Personal information
- Born: 29 April 1992 (age 34) Barcelona, Spain
- Listed height: 1.81 m (5 ft 11 in)

Career information
- NBA draft: 2014: undrafted
- Playing career: 2010–present

Career history
- 2010–2013: Prat
- 2013–2016: Oviedo
- 2016–2019: Canarias
- 2019–2020: Burgos
- 2020–2022: Joventut Badalona
- 2022–2024: Gran Canaria
- 2024–2025: Andorra
- 2025–present: Manresa

Career highlights
- EuroCup champion (2023); Champions League champion (2017); FIBA Intercontinental Cup champion (2017);

= Ferrán Bassas =

Spanish basketball player

Ferran Bassas Navarra (born 29 April 1992) is a Spanish professional basketball player for Bàsquet Manresa of the Spanish Liga ACB and the EuroCup.

== Professional career ==
On 30 April 2017, Bassas won the Basketball Champions League with Tenerife. He spent the 2019–20 season with Burgos. On 2 July 2020, Bassas signed with Joventut Badalona.

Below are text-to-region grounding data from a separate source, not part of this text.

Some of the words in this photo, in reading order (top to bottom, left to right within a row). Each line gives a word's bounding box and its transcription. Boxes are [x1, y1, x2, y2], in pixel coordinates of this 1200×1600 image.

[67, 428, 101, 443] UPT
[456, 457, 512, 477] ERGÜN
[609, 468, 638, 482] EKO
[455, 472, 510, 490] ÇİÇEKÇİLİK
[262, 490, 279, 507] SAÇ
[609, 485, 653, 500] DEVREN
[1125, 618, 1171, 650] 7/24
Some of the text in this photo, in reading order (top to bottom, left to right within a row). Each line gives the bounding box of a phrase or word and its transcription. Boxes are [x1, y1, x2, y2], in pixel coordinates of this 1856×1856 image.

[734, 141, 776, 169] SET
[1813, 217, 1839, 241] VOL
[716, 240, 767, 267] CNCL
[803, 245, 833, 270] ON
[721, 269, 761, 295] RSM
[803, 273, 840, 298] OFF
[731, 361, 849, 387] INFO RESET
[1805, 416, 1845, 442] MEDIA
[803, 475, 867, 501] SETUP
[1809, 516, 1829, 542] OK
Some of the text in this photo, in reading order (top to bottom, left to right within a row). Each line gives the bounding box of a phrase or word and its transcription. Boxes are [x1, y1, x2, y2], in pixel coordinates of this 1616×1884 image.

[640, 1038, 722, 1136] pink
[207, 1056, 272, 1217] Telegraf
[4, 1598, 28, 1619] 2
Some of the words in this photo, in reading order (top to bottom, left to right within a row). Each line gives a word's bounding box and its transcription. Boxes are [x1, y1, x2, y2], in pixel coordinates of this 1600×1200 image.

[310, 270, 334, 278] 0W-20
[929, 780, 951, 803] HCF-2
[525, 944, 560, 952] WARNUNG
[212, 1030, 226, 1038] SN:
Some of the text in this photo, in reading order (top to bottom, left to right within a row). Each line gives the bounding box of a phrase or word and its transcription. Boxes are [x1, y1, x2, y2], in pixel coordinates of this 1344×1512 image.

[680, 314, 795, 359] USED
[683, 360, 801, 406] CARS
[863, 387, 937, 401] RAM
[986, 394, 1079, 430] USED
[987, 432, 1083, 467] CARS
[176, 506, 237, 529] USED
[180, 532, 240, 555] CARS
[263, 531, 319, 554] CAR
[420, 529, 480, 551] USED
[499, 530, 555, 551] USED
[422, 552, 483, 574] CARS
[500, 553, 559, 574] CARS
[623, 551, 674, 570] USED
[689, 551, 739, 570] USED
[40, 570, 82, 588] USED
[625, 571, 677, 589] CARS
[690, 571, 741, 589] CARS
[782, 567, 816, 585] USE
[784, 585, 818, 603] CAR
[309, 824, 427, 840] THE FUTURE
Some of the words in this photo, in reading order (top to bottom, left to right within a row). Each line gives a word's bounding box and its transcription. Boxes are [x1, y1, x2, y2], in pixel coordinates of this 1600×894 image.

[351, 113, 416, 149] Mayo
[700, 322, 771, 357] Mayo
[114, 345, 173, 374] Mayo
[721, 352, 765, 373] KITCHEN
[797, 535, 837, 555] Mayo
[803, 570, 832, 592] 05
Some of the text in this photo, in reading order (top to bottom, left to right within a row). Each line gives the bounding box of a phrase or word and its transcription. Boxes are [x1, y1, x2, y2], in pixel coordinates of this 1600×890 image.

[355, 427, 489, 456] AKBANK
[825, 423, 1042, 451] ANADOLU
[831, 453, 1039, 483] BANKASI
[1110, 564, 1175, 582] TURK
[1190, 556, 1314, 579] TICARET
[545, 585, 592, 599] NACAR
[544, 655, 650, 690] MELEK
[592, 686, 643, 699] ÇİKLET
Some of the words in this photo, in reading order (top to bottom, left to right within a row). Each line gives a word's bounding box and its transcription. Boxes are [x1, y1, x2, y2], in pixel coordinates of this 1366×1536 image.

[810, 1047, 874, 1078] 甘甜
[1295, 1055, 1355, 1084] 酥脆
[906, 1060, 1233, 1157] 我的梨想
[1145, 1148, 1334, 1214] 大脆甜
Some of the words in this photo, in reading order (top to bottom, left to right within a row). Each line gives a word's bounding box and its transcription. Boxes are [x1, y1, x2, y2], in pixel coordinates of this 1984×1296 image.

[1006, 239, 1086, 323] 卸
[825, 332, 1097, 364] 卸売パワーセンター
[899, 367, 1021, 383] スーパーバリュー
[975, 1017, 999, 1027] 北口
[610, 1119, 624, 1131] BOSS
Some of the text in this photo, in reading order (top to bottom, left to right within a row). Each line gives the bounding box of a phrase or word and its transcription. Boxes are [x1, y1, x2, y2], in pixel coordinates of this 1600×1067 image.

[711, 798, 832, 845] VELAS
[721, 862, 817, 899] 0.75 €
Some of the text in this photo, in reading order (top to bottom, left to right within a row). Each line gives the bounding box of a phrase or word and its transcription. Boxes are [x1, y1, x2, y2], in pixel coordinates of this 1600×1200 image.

On July 5, 2022, Bassas signed with Gran Canaria of the Liga ACB and EuroCup.

On July 4, 2024, Bassas was announced as a new BC Andorra player, signing a 2 year contract with the Andorra-based team.

On December 14, 2025, he was announced as a new Bàsquet Manresa player, signing with the Catalans until the end of the 2025–26 season.